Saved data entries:

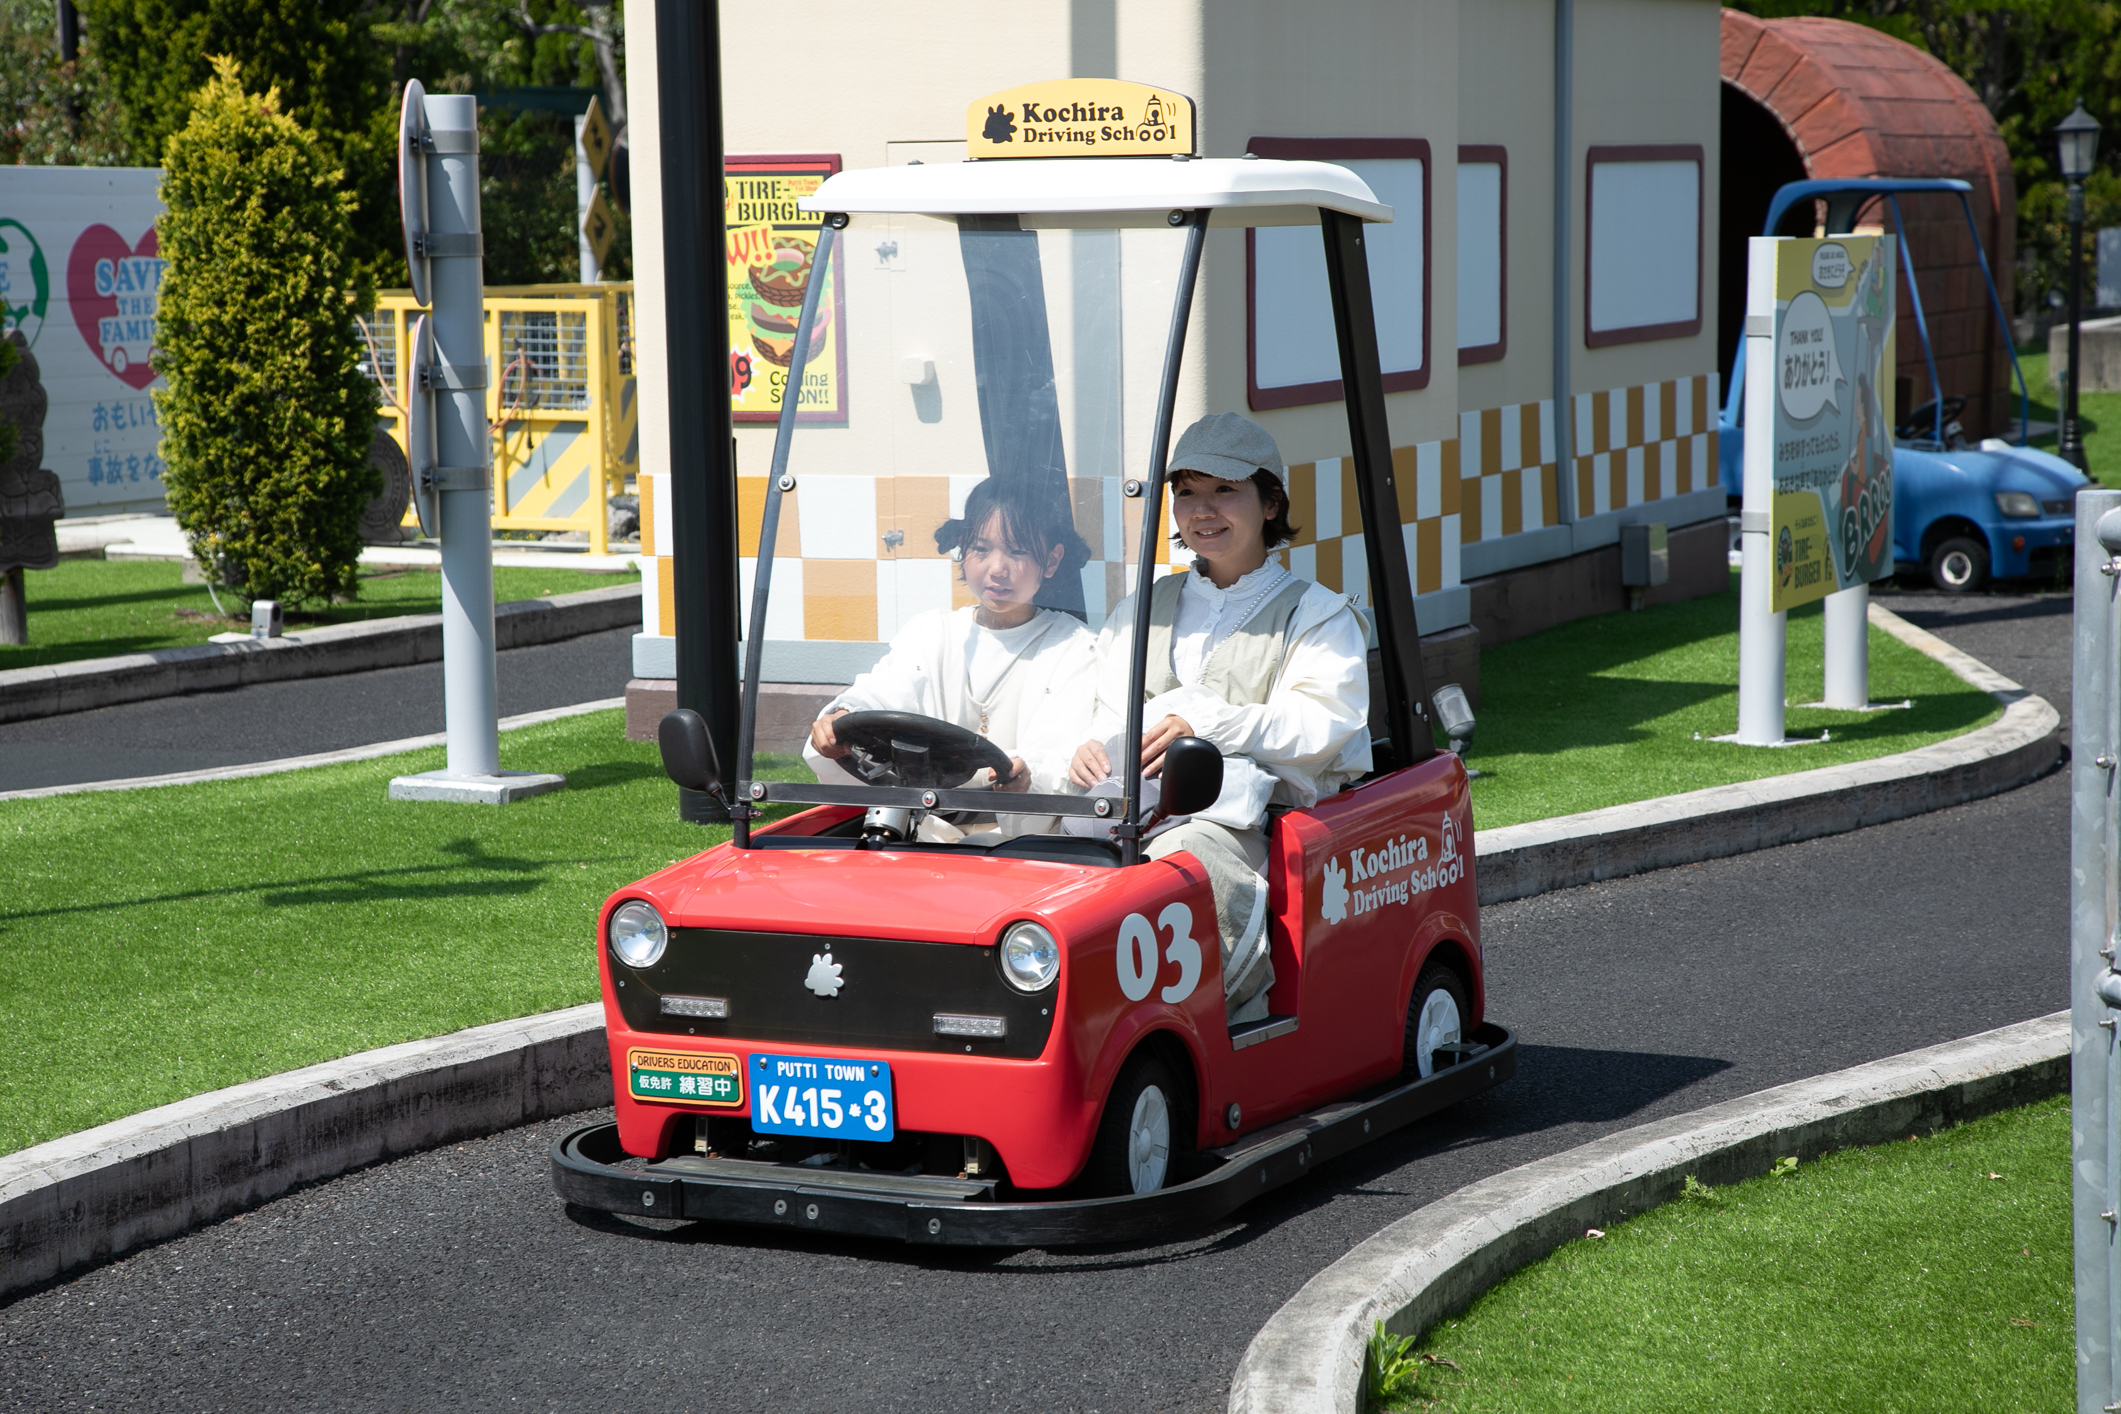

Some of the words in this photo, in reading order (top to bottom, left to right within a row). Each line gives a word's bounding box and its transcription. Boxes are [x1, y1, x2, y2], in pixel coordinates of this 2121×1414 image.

[1022, 102, 1125, 123] Kochira
[1023, 127, 1096, 146] Driving
[1101, 125, 1177, 142] School
[736, 181, 790, 200] TIRE-
[119, 298, 152, 316] THE
[1790, 330, 1809, 346] THANK
[730, 356, 752, 389] 9
[770, 371, 828, 388] Coing
[1794, 560, 1821, 589] BURGER
[1350, 834, 1429, 884] Kochira
[1353, 880, 1409, 916] Driving
[1411, 854, 1465, 895] School
[1116, 902, 1202, 1004] 03
[637, 1055, 675, 1070] DRIVERS
[678, 1059, 731, 1073] EDUCATION
[777, 1061, 817, 1079] PUTTI
[825, 1064, 865, 1082] TOWN
[638, 1075, 673, 1091] 仮免許
[679, 1076, 732, 1097] 練習中
[759, 1084, 844, 1129] K415
[863, 1089, 887, 1132] 3
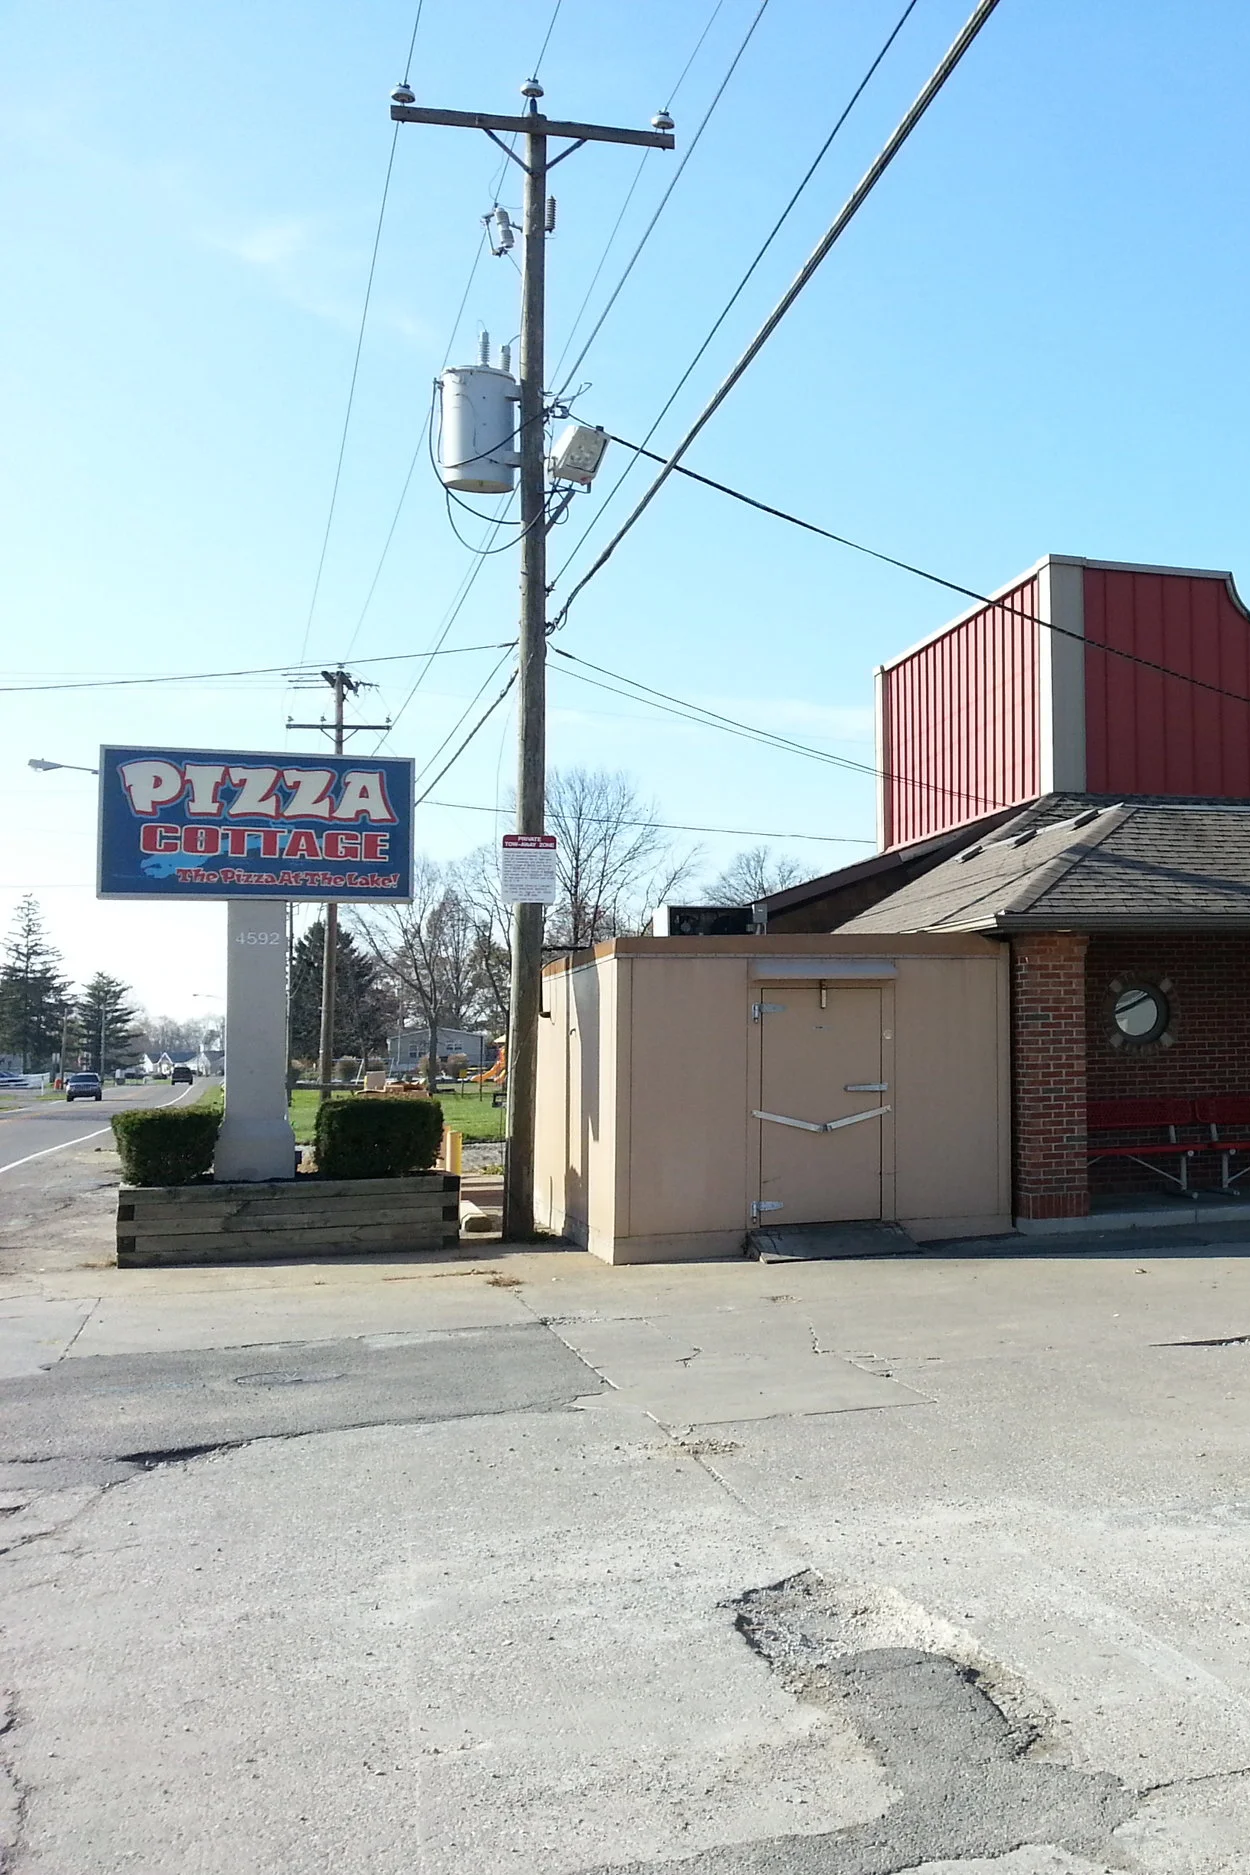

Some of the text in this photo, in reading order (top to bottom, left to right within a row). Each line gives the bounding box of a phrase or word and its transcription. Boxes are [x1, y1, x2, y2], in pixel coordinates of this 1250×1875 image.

> **Activity**: From the first line to the last, set down the records above exactly and skip the pictures.

> **Completed task**:
Some of the words in this photo, in reading order (top to bottom, left to right within a row). Each line gives a word's bounding box and its transcription. Boxes are [x1, y1, x2, y2], in pixel coordinates of this 2121×1414 image.

[1022, 102, 1125, 123] Kochira
[1023, 127, 1096, 146] Driving
[1101, 125, 1177, 142] School
[736, 181, 790, 200] TIRE-
[119, 298, 152, 316] THE
[1790, 330, 1809, 346] THANK
[730, 356, 752, 389] 9
[770, 371, 828, 388] Coing
[1794, 560, 1821, 589] BURGER
[1350, 834, 1429, 884] Kochira
[1353, 880, 1409, 916] Driving
[1411, 854, 1465, 895] School
[1116, 902, 1202, 1004] 03
[637, 1055, 675, 1070] DRIVERS
[678, 1059, 731, 1073] EDUCATION
[777, 1061, 817, 1079] PUTTI
[825, 1064, 865, 1082] TOWN
[638, 1075, 673, 1091] 仮免許
[679, 1076, 732, 1097] 練習中
[759, 1084, 844, 1129] K415
[863, 1089, 887, 1132] 3

Some of the text in this photo, in reading order (top to bottom, left to right within a row). Each line gives the bounding box of a phrase or word and its transcription. Boxes are [x1, y1, x2, y2], in pixel coordinates of this 1250×1875 image.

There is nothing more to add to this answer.